● ACTIVITY
Your copy should match the records exactly, except that no pictures appear in it.

##### GIVEN RECORDS #####

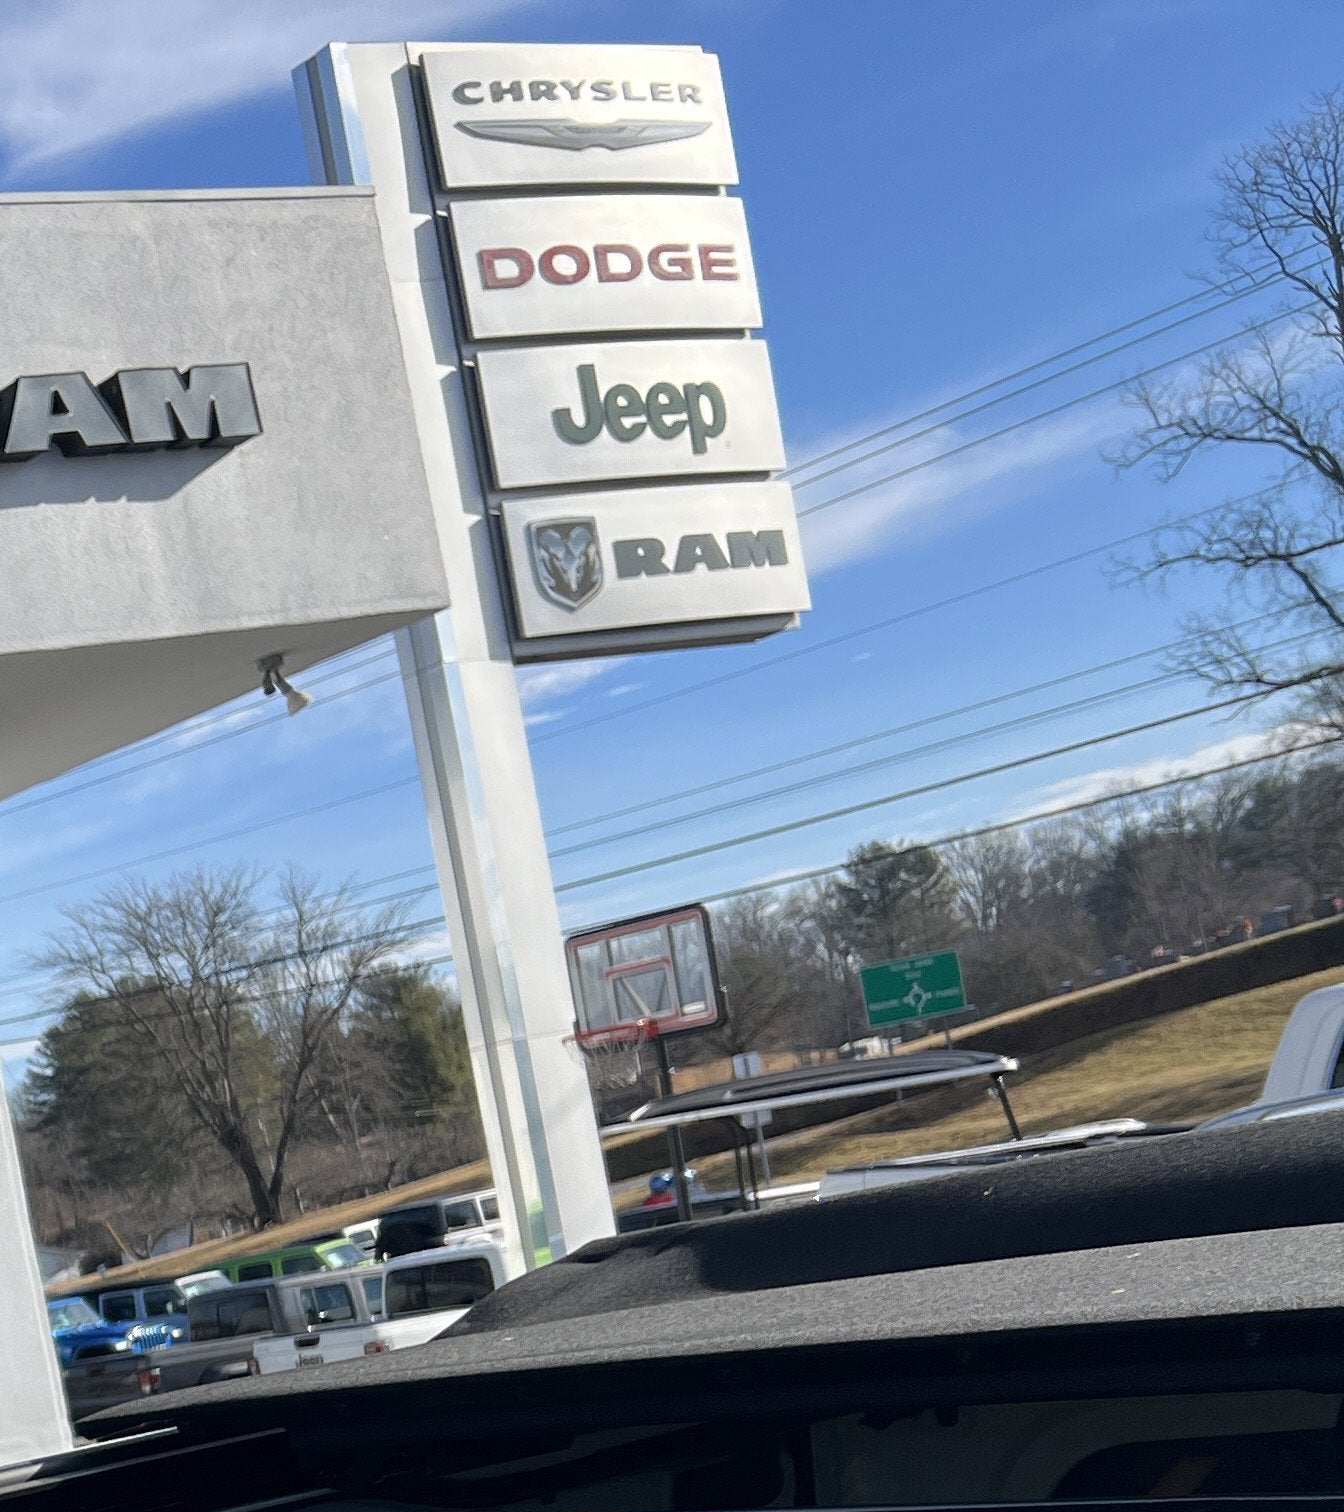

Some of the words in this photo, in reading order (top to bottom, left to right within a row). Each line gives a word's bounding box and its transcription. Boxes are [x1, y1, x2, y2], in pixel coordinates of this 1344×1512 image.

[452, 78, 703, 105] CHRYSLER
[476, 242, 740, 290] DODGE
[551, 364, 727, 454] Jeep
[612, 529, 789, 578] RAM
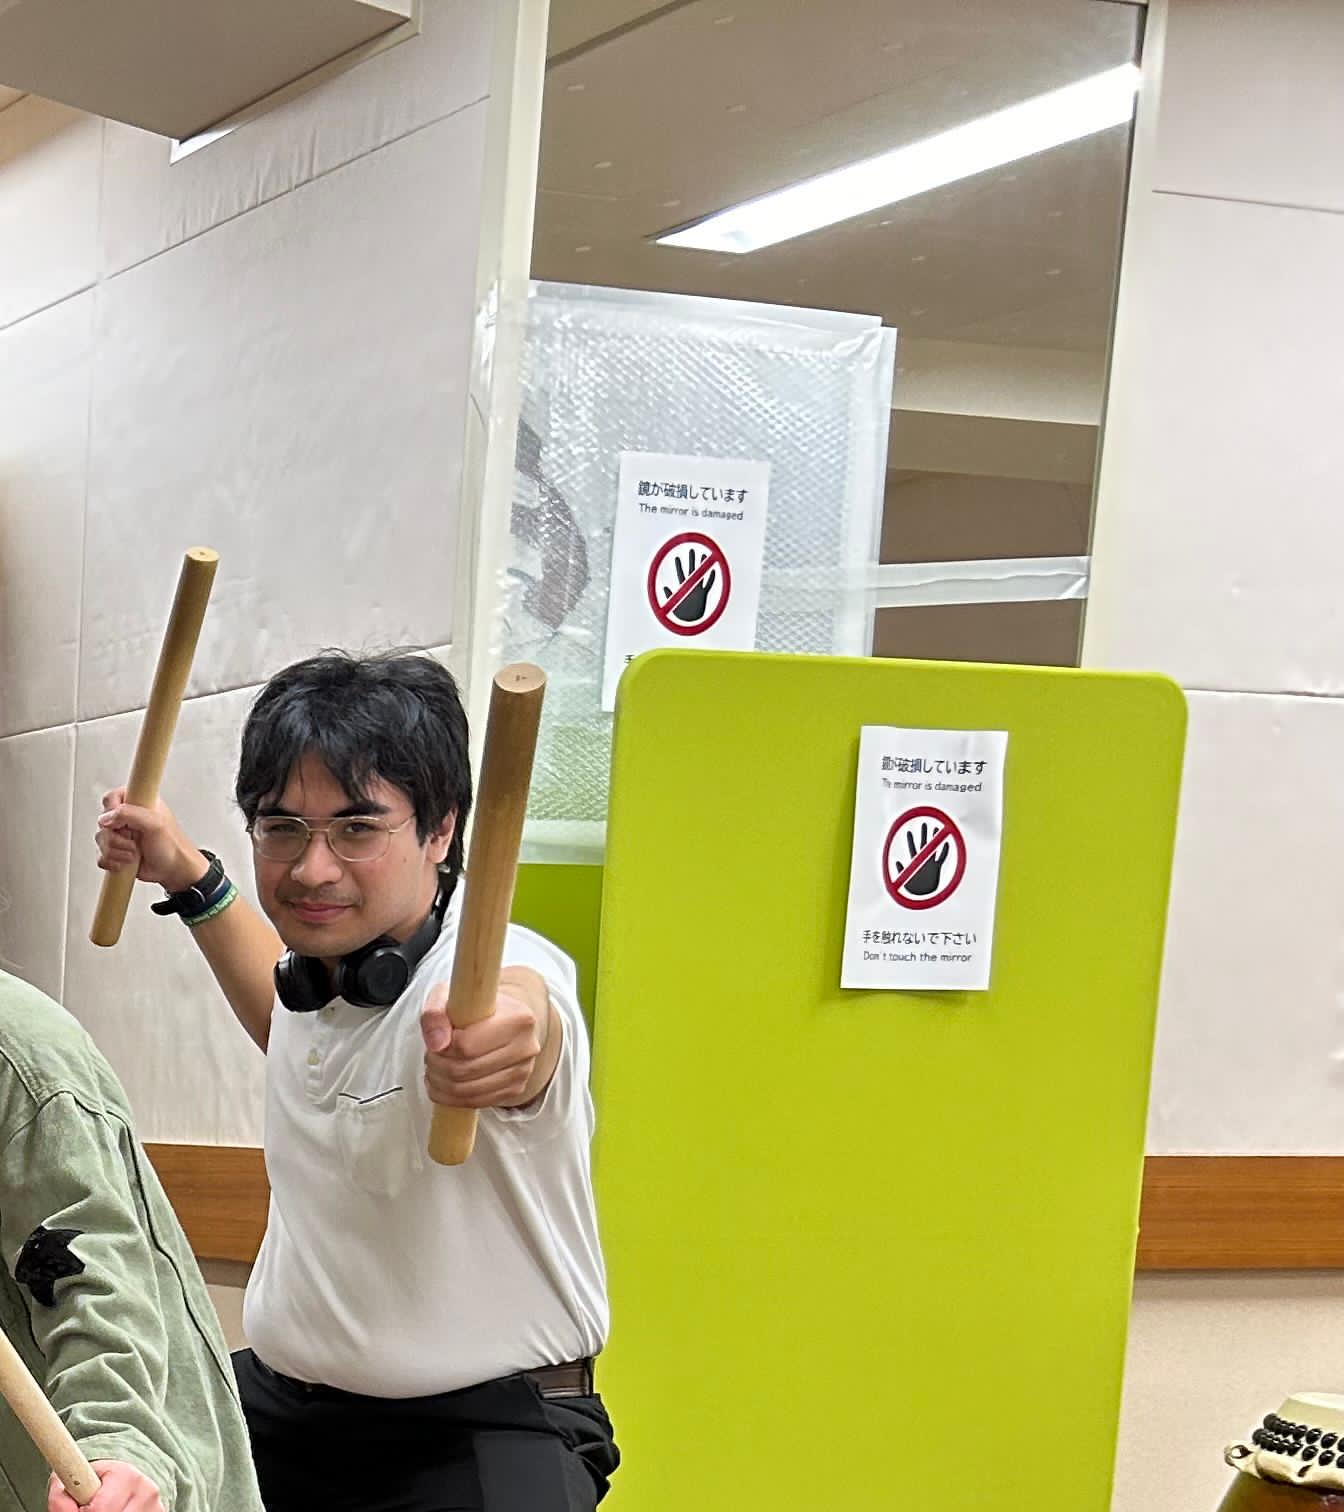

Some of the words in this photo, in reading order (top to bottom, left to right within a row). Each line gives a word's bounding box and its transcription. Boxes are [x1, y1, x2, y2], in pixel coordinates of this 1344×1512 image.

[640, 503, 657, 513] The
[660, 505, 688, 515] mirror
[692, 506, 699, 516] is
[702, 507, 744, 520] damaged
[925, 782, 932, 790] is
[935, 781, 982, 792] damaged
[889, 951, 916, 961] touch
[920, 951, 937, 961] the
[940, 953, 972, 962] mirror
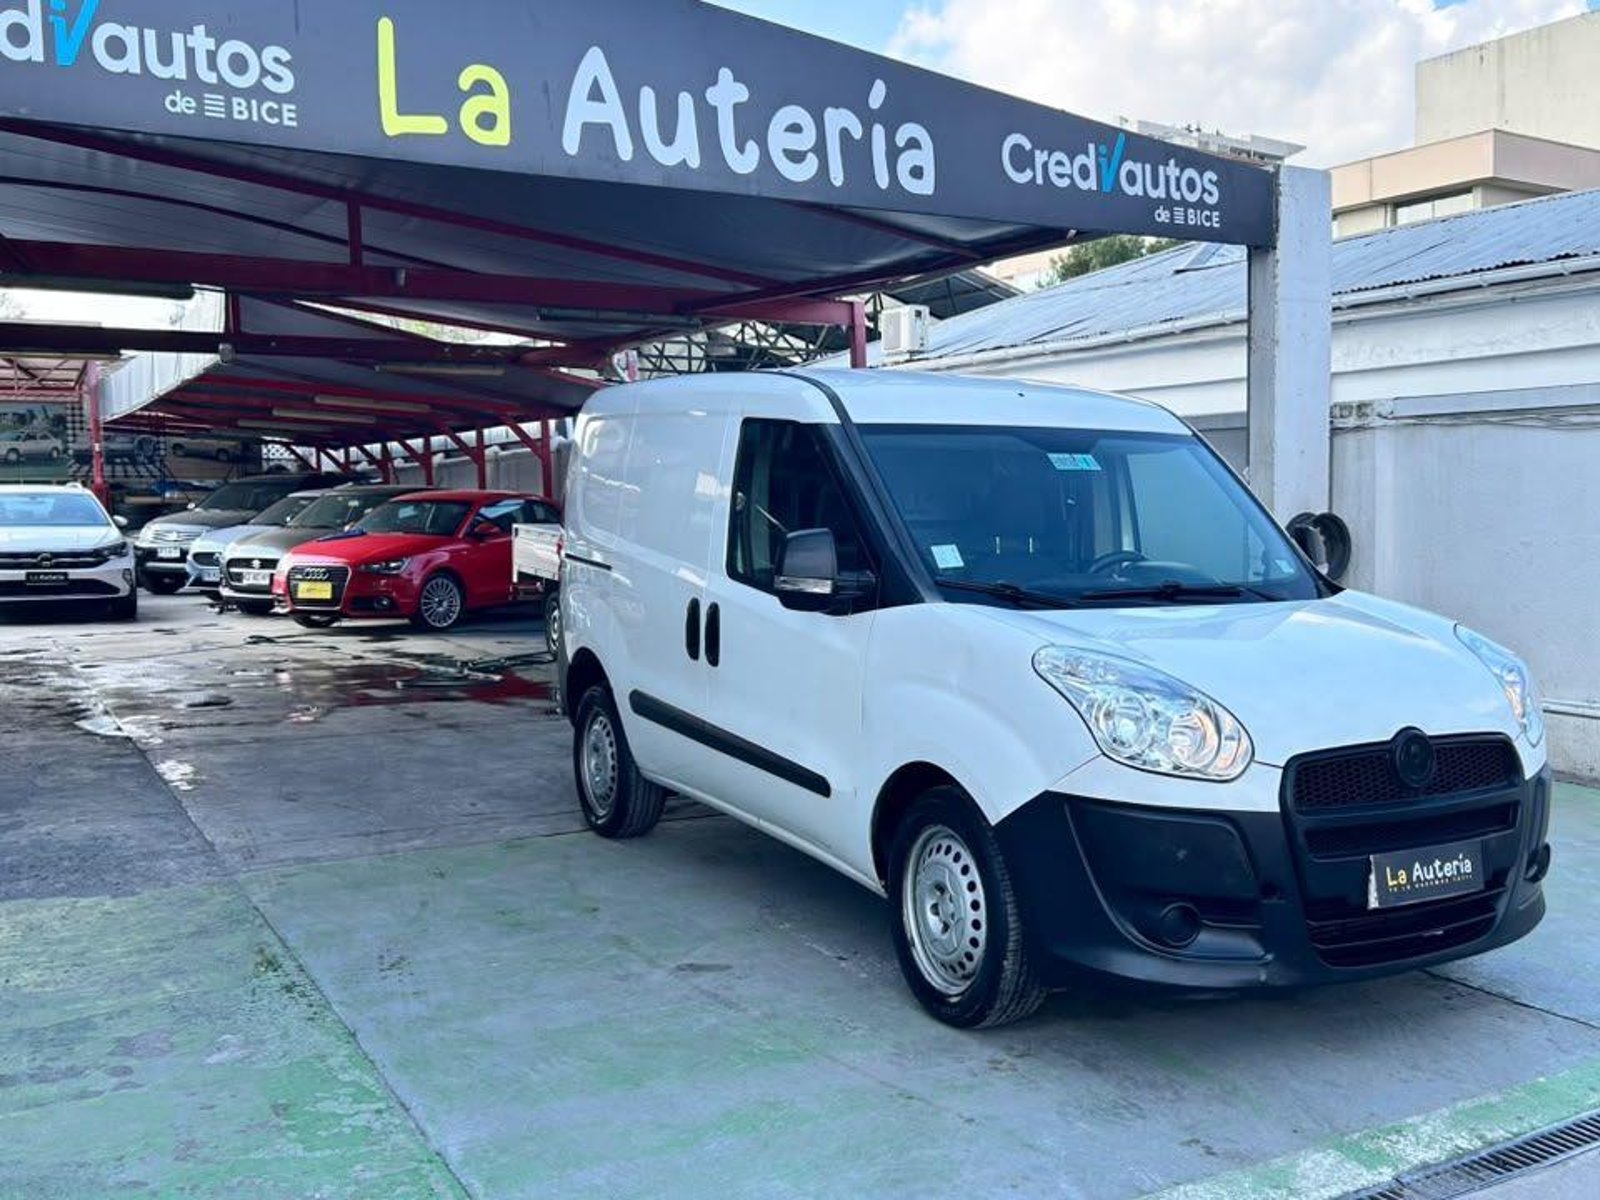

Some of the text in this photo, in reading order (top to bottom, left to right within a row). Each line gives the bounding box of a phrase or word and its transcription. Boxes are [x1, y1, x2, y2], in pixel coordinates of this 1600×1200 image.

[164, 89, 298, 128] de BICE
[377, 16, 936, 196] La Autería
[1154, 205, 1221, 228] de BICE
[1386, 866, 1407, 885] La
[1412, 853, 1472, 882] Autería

#####

● EXERCISE OUTPUT
Some of the words in this photo, in reading order (top to bottom, left to right within a row). Each line gives a word's bounding box and its transcription. Boxes are [x1, y1, x2, y2], in pixel coordinates of this 1344×1512 image.

[452, 78, 703, 105] CHRYSLER
[476, 242, 740, 290] DODGE
[551, 364, 727, 454] Jeep
[612, 529, 789, 578] RAM

Some of the words in this photo, in reading order (top to bottom, left to right within a row). Each line gives a word's bounding box and its transcription. Boxes are [x1, y1, x2, y2], in pixel coordinates of this 1344×1512 image.

[640, 503, 657, 513] The
[660, 505, 688, 515] mirror
[692, 506, 699, 516] is
[702, 507, 744, 520] damaged
[925, 782, 932, 790] is
[935, 781, 982, 792] damaged
[889, 951, 916, 961] touch
[920, 951, 937, 961] the
[940, 953, 972, 962] mirror

Some of the text in this photo, in reading order (top to bottom, left to right within a row). Each line gives the bounding box of a phrase or word and its transcription. Boxes are [x1, y1, x2, y2], in pixel coordinates of this 1600×1200 image.

[164, 89, 298, 128] de BICE
[377, 16, 936, 196] La Autería
[1154, 205, 1221, 228] de BICE
[1386, 866, 1407, 885] La
[1412, 853, 1472, 882] Autería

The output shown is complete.